Conhecemo-nos na Coojornape – Cooperativa dos Jornalistas de Pernambuco, inspirada na bem-sucedida congênere gaúcha, que publicava o nacionalmente famoso Coojornal. Apesar da imensa dedicação de seus criadores, a Coojornape teve vida curta. Mas longo sempre foi o empenho do jornalista e escritor Cyl Gallindo por botar pessoas para frente, nunca para trás. Cresceu numa casa sem livros e, já rapazinho, conseguiu adquirir o primeiro. Nunca mais deixou de estar cercado deles. Essa experiência de escassez e fartura de livros levou-o a lutar pelo crescimento da biblioteca de sua cidade natal – Buíque, Pe. “Para dar poder de leitura a quem não pode comprar. Um só livro pode fazer toda a diferença numa vida”.
Livros, a Coojornape, bibliotecas, netos, filhos e Buíque foram alguns de seus amores. “Apesar de feio, tive filhos muito bonitos”, dizia, com um sorriso maroto. Seu território de vivências abrangia quatro cidades: na juventude, o Rio de Janeiro, onde teve militância política e profícuos contatos literários. Lá, o poeta Manuel Bandeira mandava chamá-lo para conversar, alegando estar com saudade “desse sotaque nordestino safado”. Na maturidade, o Recife, onde foi jornalista e membro da Academia Pernambucana de Letras.
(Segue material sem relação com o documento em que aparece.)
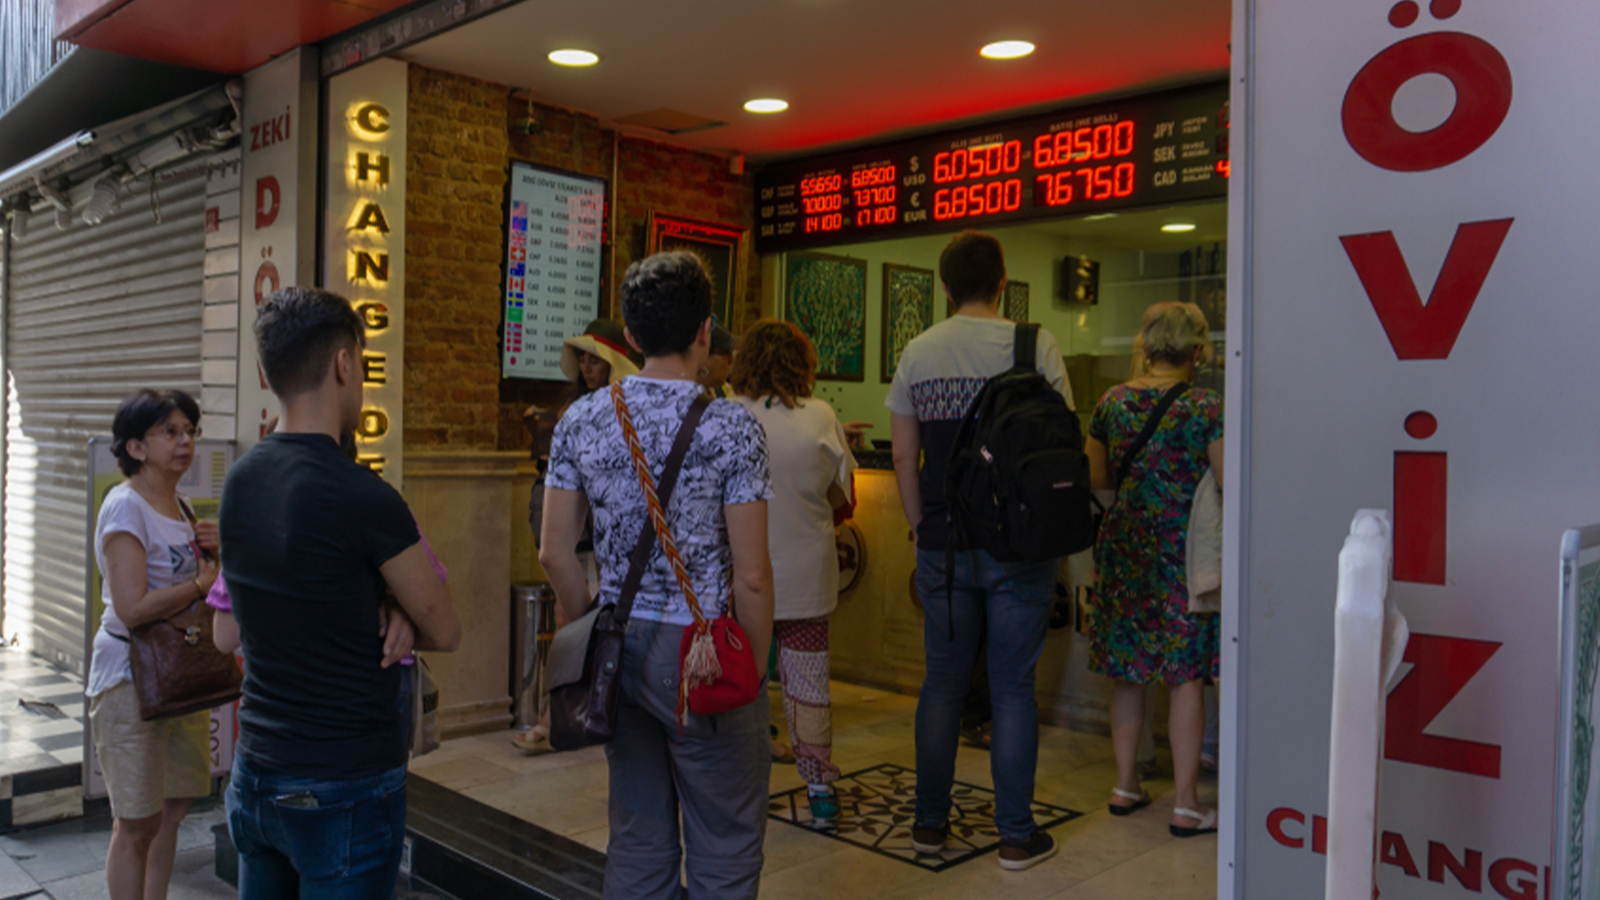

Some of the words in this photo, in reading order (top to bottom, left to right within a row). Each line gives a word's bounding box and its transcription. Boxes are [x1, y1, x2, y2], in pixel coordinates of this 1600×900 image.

[250, 104, 290, 153] ZEKİ
[1153, 121, 1175, 139] JPY
[1153, 145, 1176, 163] SEK
[903, 173, 926, 187] USD
[1154, 169, 1177, 186] CAD
[904, 209, 927, 223] EUR
Brasília, onde foi assessor de comunicação do Senado e “inaugurou a velhice”. Mas a amada Buíque foi a “pátria umbigo... marca mais funda de minha digital, onde se identificam minha própria alma, meu caráter, minha dignidade”.
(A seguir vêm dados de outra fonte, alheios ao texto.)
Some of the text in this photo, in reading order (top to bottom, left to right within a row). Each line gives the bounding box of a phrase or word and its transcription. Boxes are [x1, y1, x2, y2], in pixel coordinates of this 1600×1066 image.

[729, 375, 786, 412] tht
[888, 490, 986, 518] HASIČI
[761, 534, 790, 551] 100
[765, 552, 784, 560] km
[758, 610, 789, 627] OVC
O maior de seus amores, contudo, parece ter sido o escrever. “Se eu circular muito por lançamentos de livros e coquetéis não me sobra tempo para o meu ofício: pesquisar, escrever”. Não era um recluso, mas defendia sua solidão criativa. Textos estavam sempre brotando de seus dedos, no teclado do computador. Tive o privilégio de ler os originais de seu último conto - primorosa narrativa, transportando a trama de “Sonho de uma noite de Verão” para o Vale do Catimbau, onde a mitologia saxã transmutou-se em folclore nordestino. Deverá constar de antologia onde cada autor baseia-se em uma peça de Shakespeare a fim de criar uma história.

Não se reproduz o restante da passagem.